#### Exercise material:
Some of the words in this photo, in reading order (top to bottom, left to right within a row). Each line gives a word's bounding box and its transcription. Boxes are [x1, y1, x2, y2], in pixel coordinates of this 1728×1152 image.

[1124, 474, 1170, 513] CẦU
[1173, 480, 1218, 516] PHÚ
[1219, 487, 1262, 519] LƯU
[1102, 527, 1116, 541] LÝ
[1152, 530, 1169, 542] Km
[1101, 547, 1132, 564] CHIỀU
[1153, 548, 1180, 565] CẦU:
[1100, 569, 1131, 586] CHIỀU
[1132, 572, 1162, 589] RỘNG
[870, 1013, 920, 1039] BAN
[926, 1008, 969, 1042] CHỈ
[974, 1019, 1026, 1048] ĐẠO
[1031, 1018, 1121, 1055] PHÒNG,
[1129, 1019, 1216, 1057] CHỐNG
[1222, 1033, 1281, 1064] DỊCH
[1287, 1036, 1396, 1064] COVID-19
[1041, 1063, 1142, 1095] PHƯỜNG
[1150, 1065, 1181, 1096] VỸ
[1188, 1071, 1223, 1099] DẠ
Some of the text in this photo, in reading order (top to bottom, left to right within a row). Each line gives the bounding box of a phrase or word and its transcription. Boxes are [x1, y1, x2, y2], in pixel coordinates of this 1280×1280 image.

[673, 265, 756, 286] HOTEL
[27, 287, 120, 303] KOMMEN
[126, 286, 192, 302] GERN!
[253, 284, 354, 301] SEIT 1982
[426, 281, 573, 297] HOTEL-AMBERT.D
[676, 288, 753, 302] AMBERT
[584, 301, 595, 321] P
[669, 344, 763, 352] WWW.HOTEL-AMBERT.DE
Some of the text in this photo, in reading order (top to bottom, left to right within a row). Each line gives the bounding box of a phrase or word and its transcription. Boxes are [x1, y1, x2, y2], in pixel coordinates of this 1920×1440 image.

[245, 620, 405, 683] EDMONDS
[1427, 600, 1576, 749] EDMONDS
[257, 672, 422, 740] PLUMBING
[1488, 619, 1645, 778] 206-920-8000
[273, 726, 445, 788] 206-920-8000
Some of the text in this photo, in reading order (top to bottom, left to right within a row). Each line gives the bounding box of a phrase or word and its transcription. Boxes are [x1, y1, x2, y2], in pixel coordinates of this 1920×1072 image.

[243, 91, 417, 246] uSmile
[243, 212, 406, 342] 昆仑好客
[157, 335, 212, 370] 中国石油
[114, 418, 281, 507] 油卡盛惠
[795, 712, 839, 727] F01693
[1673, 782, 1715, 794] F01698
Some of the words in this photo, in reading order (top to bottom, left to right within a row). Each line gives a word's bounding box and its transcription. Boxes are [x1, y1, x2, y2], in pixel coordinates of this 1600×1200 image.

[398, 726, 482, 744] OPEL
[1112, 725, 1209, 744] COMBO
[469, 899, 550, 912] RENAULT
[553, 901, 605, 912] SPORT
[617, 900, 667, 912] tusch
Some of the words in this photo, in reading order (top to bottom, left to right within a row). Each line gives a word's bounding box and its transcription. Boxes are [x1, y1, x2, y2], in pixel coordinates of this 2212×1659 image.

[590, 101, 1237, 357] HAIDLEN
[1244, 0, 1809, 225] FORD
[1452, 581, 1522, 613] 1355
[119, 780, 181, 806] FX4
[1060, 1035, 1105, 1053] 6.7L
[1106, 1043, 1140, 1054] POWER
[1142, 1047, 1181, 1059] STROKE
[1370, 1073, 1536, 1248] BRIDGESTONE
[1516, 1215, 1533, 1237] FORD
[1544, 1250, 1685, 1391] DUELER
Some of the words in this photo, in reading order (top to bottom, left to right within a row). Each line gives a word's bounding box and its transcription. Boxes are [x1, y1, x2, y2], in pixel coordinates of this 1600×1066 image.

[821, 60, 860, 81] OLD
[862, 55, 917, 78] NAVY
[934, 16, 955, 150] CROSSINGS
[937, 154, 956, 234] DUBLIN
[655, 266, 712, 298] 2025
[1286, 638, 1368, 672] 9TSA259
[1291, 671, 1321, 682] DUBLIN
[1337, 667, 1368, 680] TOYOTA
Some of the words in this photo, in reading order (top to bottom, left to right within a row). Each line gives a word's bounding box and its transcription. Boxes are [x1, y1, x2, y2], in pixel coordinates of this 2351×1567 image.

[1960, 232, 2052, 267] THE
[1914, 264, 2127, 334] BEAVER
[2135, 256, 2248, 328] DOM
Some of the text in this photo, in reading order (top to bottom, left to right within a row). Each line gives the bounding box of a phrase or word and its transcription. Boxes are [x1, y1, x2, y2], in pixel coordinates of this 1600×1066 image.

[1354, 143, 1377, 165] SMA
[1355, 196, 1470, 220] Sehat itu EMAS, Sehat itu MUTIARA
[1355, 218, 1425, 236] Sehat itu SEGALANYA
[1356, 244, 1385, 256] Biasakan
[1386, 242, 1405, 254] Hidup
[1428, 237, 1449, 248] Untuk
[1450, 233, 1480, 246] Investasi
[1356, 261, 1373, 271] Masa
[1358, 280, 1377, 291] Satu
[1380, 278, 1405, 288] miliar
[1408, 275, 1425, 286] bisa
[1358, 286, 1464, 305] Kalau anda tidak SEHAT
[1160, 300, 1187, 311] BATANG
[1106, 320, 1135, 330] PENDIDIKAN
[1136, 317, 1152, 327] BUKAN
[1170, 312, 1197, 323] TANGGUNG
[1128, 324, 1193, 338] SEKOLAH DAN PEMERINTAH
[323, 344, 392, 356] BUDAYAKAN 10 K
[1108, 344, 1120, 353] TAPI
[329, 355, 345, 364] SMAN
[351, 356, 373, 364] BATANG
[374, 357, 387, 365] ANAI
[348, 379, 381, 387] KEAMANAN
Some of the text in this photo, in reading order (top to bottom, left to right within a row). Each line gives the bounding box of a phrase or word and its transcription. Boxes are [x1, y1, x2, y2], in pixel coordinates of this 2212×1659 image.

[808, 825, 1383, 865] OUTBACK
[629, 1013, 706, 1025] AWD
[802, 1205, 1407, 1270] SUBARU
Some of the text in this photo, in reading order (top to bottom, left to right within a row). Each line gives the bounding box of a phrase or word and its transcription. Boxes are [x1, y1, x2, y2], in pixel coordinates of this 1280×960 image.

#### Exercise goal:
Transcribe all the material exactly.

#### Answer to the exercise:
Some of the words in this photo, in reading order (top to bottom, left to right within a row). Each line gives a word's bounding box and its transcription. Boxes are [x1, y1, x2, y2], in pixel coordinates of this 1728×1152 image.

[1124, 474, 1170, 513] CẦU
[1173, 480, 1218, 516] PHÚ
[1219, 487, 1262, 519] LƯU
[1102, 527, 1116, 541] LÝ
[1152, 530, 1169, 542] Km
[1101, 547, 1132, 564] CHIỀU
[1153, 548, 1180, 565] CẦU:
[1100, 569, 1131, 586] CHIỀU
[1132, 572, 1162, 589] RỘNG
[870, 1013, 920, 1039] BAN
[926, 1008, 969, 1042] CHỈ
[974, 1019, 1026, 1048] ĐẠO
[1031, 1018, 1121, 1055] PHÒNG,
[1129, 1019, 1216, 1057] CHỐNG
[1222, 1033, 1281, 1064] DỊCH
[1287, 1036, 1396, 1064] COVID-19
[1041, 1063, 1142, 1095] PHƯỜNG
[1150, 1065, 1181, 1096] VỸ
[1188, 1071, 1223, 1099] DẠ
Some of the text in this photo, in reading order (top to bottom, left to right within a row). Each line gives the bounding box of a phrase or word and its transcription. Boxes are [x1, y1, x2, y2], in pixel coordinates of this 1280×1280 image.

[673, 265, 756, 286] HOTEL
[27, 287, 120, 303] KOMMEN
[126, 286, 192, 302] GERN!
[253, 284, 354, 301] SEIT 1982
[426, 281, 573, 297] HOTEL-AMBERT.D
[676, 288, 753, 302] AMBERT
[584, 301, 595, 321] P
[669, 344, 763, 352] WWW.HOTEL-AMBERT.DE
Some of the text in this photo, in reading order (top to bottom, left to right within a row). Each line gives the bounding box of a phrase or word and its transcription. Boxes are [x1, y1, x2, y2], in pixel coordinates of this 1920×1440 image.

[245, 620, 405, 683] EDMONDS
[1427, 600, 1576, 749] EDMONDS
[257, 672, 422, 740] PLUMBING
[1488, 619, 1645, 778] 206-920-8000
[273, 726, 445, 788] 206-920-8000
Some of the text in this photo, in reading order (top to bottom, left to right within a row). Each line gives the bounding box of a phrase or word and its transcription. Boxes are [x1, y1, x2, y2], in pixel coordinates of this 1920×1072 image.

[243, 91, 417, 246] uSmile
[243, 212, 406, 342] 昆仑好客
[157, 335, 212, 370] 中国石油
[114, 418, 281, 507] 油卡盛惠
[795, 712, 839, 727] F01693
[1673, 782, 1715, 794] F01698
Some of the words in this photo, in reading order (top to bottom, left to right within a row). Each line gives a word's bounding box and its transcription. Boxes are [x1, y1, x2, y2], in pixel coordinates of this 1600×1200 image.

[398, 726, 482, 744] OPEL
[1112, 725, 1209, 744] COMBO
[469, 899, 550, 912] RENAULT
[553, 901, 605, 912] SPORT
[617, 900, 667, 912] tusch
Some of the words in this photo, in reading order (top to bottom, left to right within a row). Each line gives a word's bounding box and its transcription. Boxes are [x1, y1, x2, y2], in pixel coordinates of this 2212×1659 image.

[590, 101, 1237, 357] HAIDLEN
[1244, 0, 1809, 225] FORD
[1452, 581, 1522, 613] 1355
[119, 780, 181, 806] FX4
[1060, 1035, 1105, 1053] 6.7L
[1106, 1043, 1140, 1054] POWER
[1142, 1047, 1181, 1059] STROKE
[1370, 1073, 1536, 1248] BRIDGESTONE
[1516, 1215, 1533, 1237] FORD
[1544, 1250, 1685, 1391] DUELER
Some of the words in this photo, in reading order (top to bottom, left to right within a row). Each line gives a word's bounding box and its transcription. Boxes are [x1, y1, x2, y2], in pixel coordinates of this 1600×1066 image.

[821, 60, 860, 81] OLD
[862, 55, 917, 78] NAVY
[934, 16, 955, 150] CROSSINGS
[937, 154, 956, 234] DUBLIN
[655, 266, 712, 298] 2025
[1286, 638, 1368, 672] 9TSA259
[1291, 671, 1321, 682] DUBLIN
[1337, 667, 1368, 680] TOYOTA
Some of the words in this photo, in reading order (top to bottom, left to right within a row). Each line gives a word's bounding box and its transcription. Boxes are [x1, y1, x2, y2], in pixel coordinates of this 2351×1567 image.

[1960, 232, 2052, 267] THE
[1914, 264, 2127, 334] BEAVER
[2135, 256, 2248, 328] DOM
Some of the text in this photo, in reading order (top to bottom, left to right within a row). Each line gives the bounding box of a phrase or word and its transcription. Boxes are [x1, y1, x2, y2], in pixel coordinates of this 1600×1066 image.

[1354, 143, 1377, 165] SMA
[1355, 196, 1470, 220] Sehat itu EMAS, Sehat itu MUTIARA
[1355, 218, 1425, 236] Sehat itu SEGALANYA
[1356, 244, 1385, 256] Biasakan
[1386, 242, 1405, 254] Hidup
[1428, 237, 1449, 248] Untuk
[1450, 233, 1480, 246] Investasi
[1356, 261, 1373, 271] Masa
[1358, 280, 1377, 291] Satu
[1380, 278, 1405, 288] miliar
[1408, 275, 1425, 286] bisa
[1358, 286, 1464, 305] Kalau anda tidak SEHAT
[1160, 300, 1187, 311] BATANG
[1106, 320, 1135, 330] PENDIDIKAN
[1136, 317, 1152, 327] BUKAN
[1170, 312, 1197, 323] TANGGUNG
[1128, 324, 1193, 338] SEKOLAH DAN PEMERINTAH
[323, 344, 392, 356] BUDAYAKAN 10 K
[1108, 344, 1120, 353] TAPI
[329, 355, 345, 364] SMAN
[351, 356, 373, 364] BATANG
[374, 357, 387, 365] ANAI
[348, 379, 381, 387] KEAMANAN
Some of the text in this photo, in reading order (top to bottom, left to right within a row). Each line gives the bounding box of a phrase or word and its transcription. Boxes are [x1, y1, x2, y2], in pixel coordinates of this 2212×1659 image.

[808, 825, 1383, 865] OUTBACK
[629, 1013, 706, 1025] AWD
[802, 1205, 1407, 1270] SUBARU
Some of the text in this photo, in reading order (top to bottom, left to right within a row). Each line gives the bounding box of a phrase or word and its transcription. Boxes are [x1, y1, x2, y2], in pixel coordinates of this 1280×960 image.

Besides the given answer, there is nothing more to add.